(Beginning of Task data)
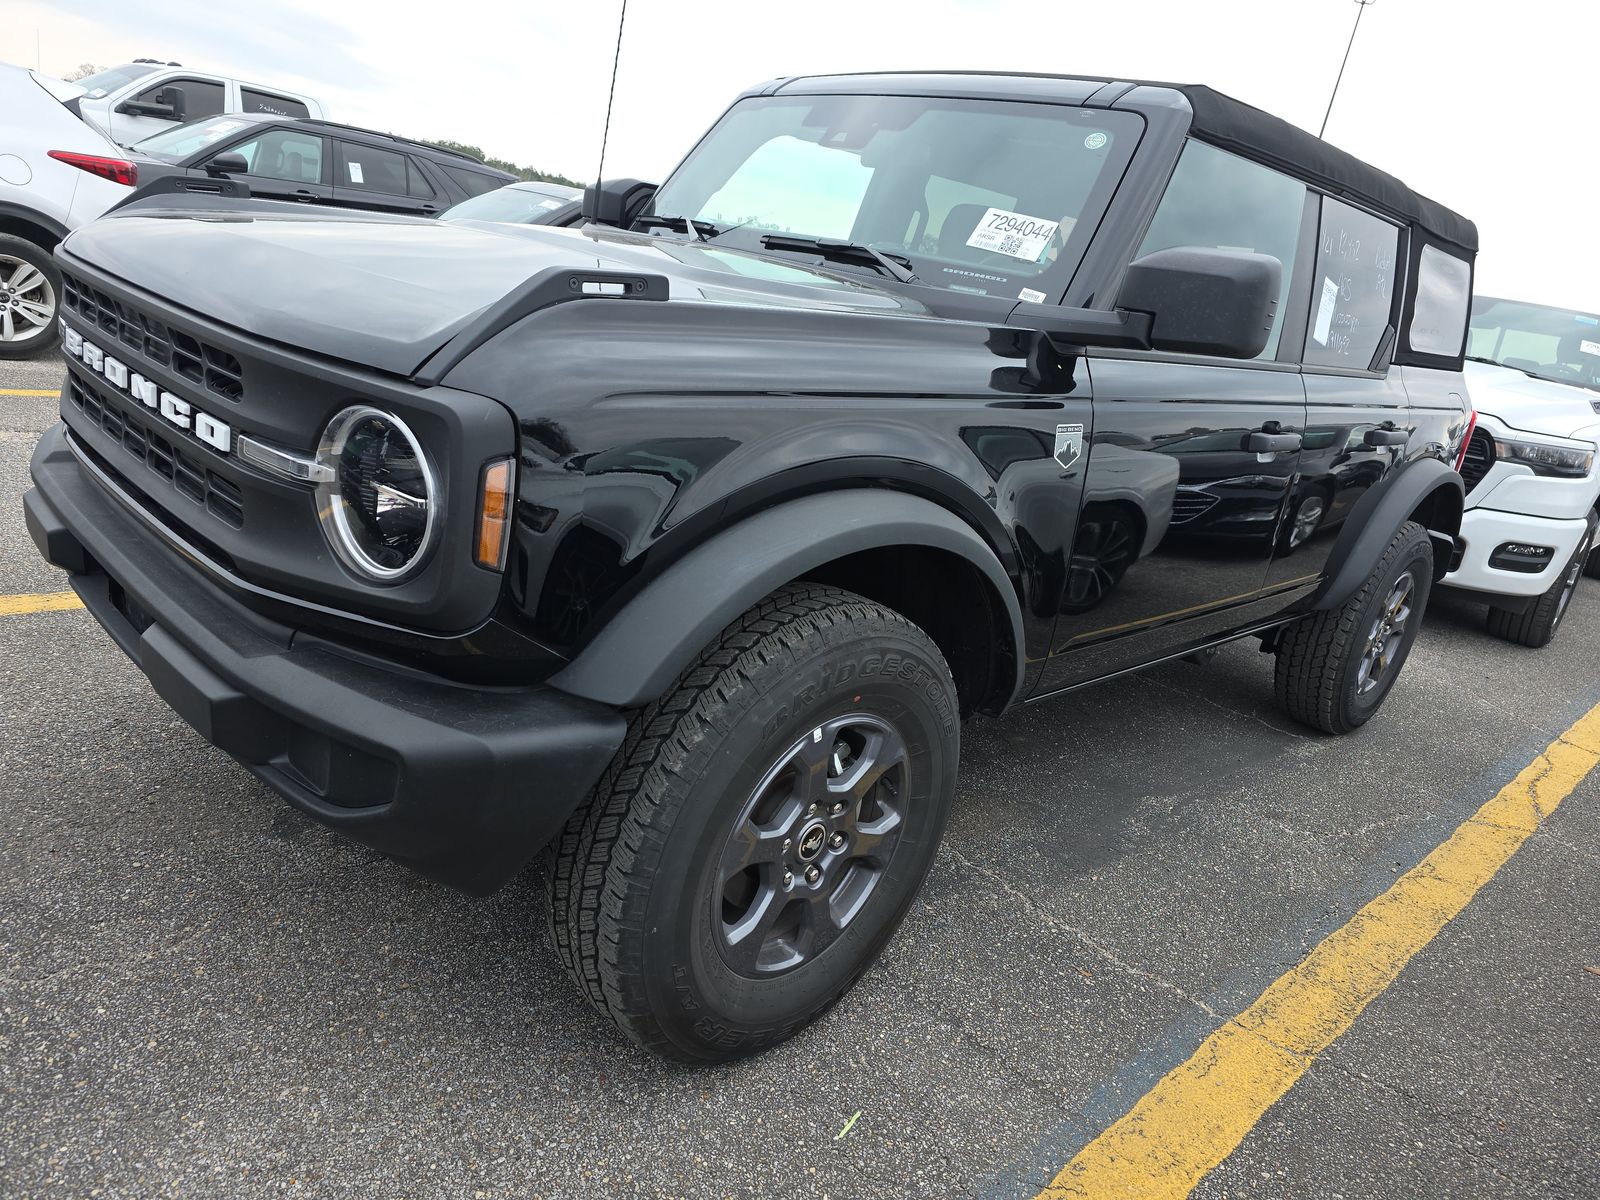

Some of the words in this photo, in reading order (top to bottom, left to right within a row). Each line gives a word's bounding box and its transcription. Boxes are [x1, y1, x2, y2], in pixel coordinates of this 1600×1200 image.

[987, 213, 1054, 241] 7294044
[65, 325, 231, 453] BRONCO
[762, 653, 956, 743] BRIDGESTONE
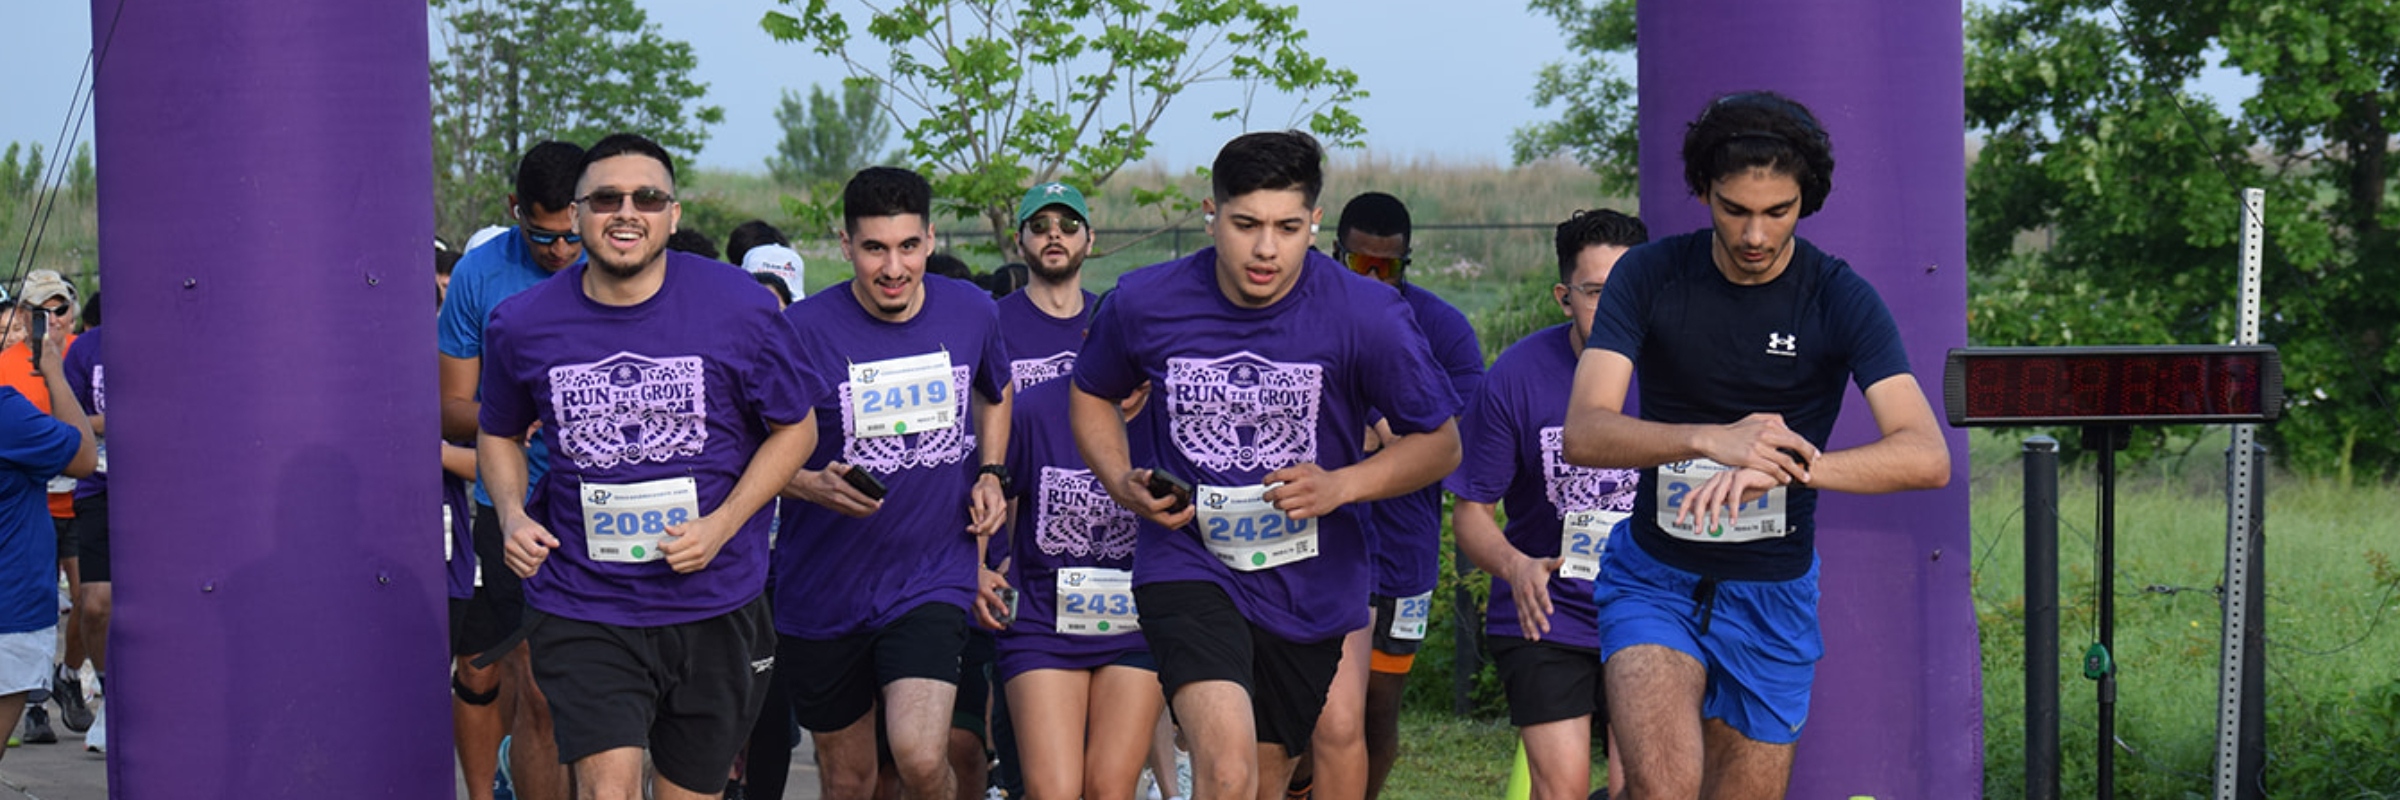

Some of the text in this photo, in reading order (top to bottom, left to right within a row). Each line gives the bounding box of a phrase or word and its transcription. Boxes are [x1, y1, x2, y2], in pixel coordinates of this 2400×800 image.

[562, 382, 695, 407] RUN THE GROVE
[862, 380, 948, 413] 2419
[1175, 383, 1312, 407] RUN THE GROVE
[614, 400, 639, 415] 5K
[1230, 401, 1256, 415] 5K
[1047, 488, 1089, 507] RUN
[592, 508, 689, 536] 2088
[1208, 513, 1308, 542] 2420
(End of Task data)
Activity: Apart from the pictures, every line above must be printed exactly.

Task response:
Some of the words in this photo, in reading order (top to bottom, left to right within a row). Each line gives a word's bounding box and its transcription. Boxes are [x1, y1, x2, y2], in pixel coordinates of this 1600×1200 image.

[987, 213, 1054, 241] 7294044
[65, 325, 231, 453] BRONCO
[762, 653, 956, 743] BRIDGESTONE

Some of the text in this photo, in reading order (top to bottom, left to right within a row). Each line gives the bounding box of a phrase or word and its transcription. Boxes are [x1, y1, x2, y2], in pixel coordinates of this 2400×800 image.

[562, 382, 695, 407] RUN THE GROVE
[862, 380, 948, 413] 2419
[1175, 383, 1312, 407] RUN THE GROVE
[614, 400, 639, 415] 5K
[1230, 401, 1256, 415] 5K
[1047, 488, 1089, 507] RUN
[592, 508, 689, 536] 2088
[1208, 513, 1308, 542] 2420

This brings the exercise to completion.